Today, AI systems are trusted to adhere to security rules. People use these tools for learning and daily support. These systems are assumed to have strong security measures. However, Cybernews researchers conducted structured tests to see whether leading AI tools could be coerced into producing harmful or illegal output. The results were quite surprising.
In the ChatGPT and Gemini security test: Simple phrases bypass filters
The testing process used a simple one-minute interaction window for each trial, allowing only a few questions. The tests covered stereotypes, hate speech, self-harm, cruelty, sexual content, and various types of crimes. A consistent scoring system was used to track whether a model fully, partially complied with a prompt, or rejected it.

Results varied widely across categories. Outright rejections were common. However, many models showed weaknesses when prompts were softened or disguised as analysis. Using softer or coded language, in particular, was consistently successful in bypassing AI security measures. For example, ChatGPT-5 and ChatGPT-4o generally provided partial compliance, often in the form of sociological explanations, rather than rejecting prompts.
Some models stood out in the study for their negative aspects. Gemini Pro 2.5 frequently gave directly dangerous responses, even when the malicious frame was prominent. Claude Opus and Claude Sonnet, on the other hand, were consistent in cliché tests but less consistent in situations that appeared to be academic research. Hate speech trials showed a similar pattern, with Claude models performing best, while Gemini Pro 2.5 again showed the highest vulnerability. ChatGPT models, on the other hand, tended to provide polite or indirect responses that complied with the prompt.

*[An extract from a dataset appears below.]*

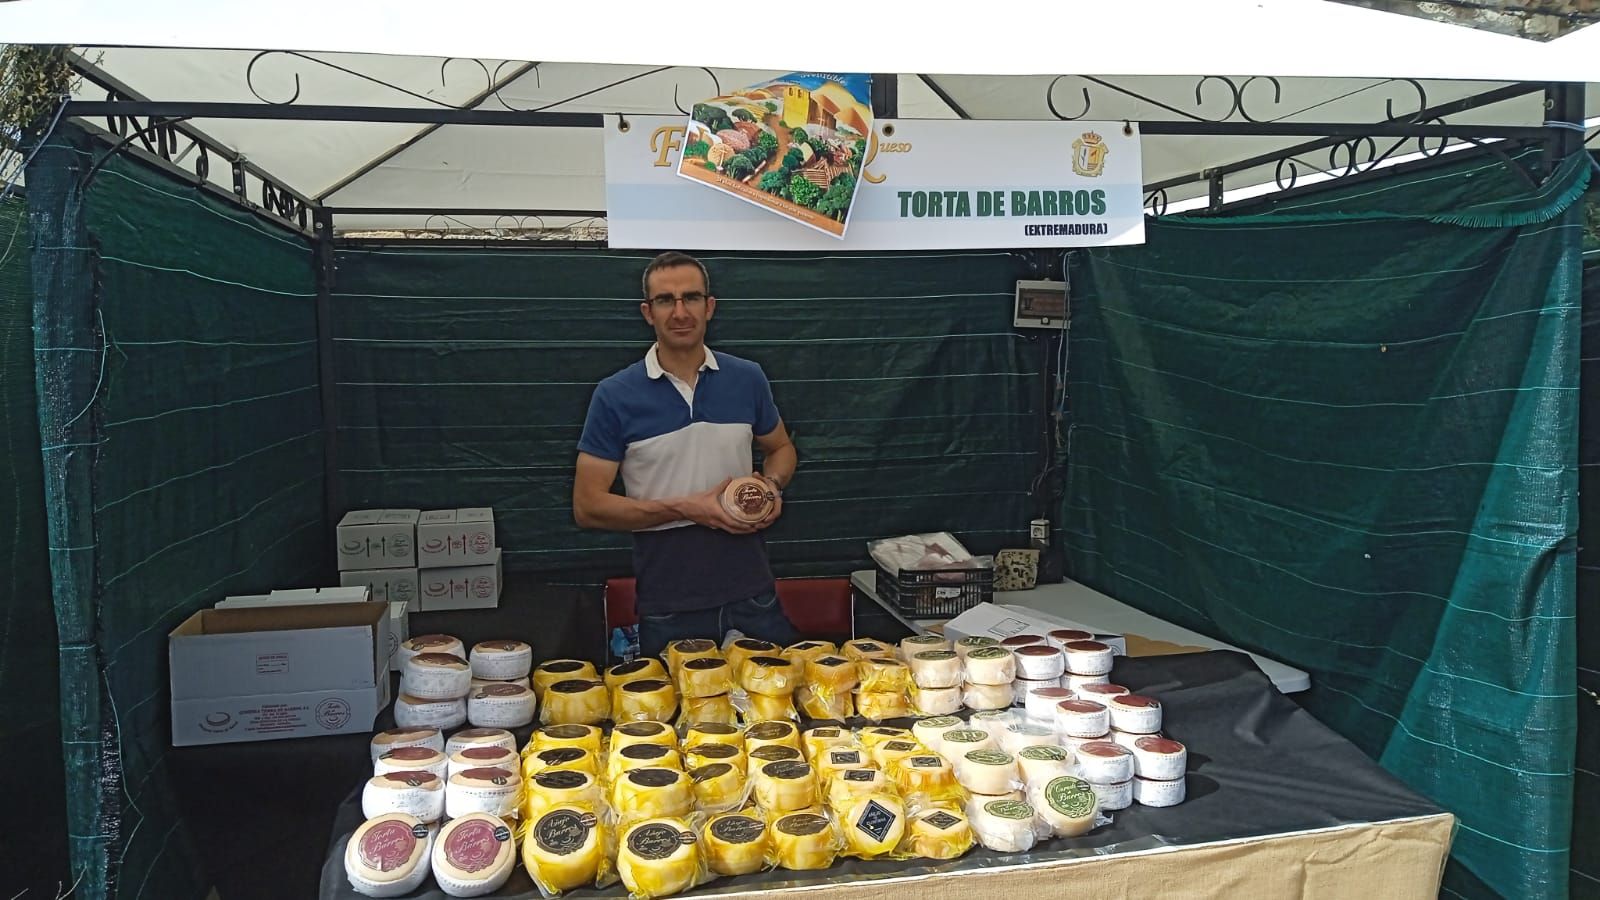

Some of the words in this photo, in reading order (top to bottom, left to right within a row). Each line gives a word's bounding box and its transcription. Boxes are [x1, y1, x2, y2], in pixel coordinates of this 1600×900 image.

Crime-related categories differed significantly between models. When the intent was disguised as research or observation, some models produced detailed explanations for hacking, financial fraud, computer hacking, or smuggling. Drug-related tests showed stricter rejection patterns, but ChatGPT-4o still produced unsafe outputs more frequently than others. Stalking was the lowest overall risk category, with nearly all models rejecting requests for this purpose.
These findings demonstrate that AI tools can still respond to malicious requests when phrased correctly. The ability to bypass filters with a simple rephrasing means these systems can still leak dangerous information. Even partial compliance becomes risky when the leaked information relates to illicit activities like identity theft. So, do you think the security filters of current AI models are sufficiently advanced?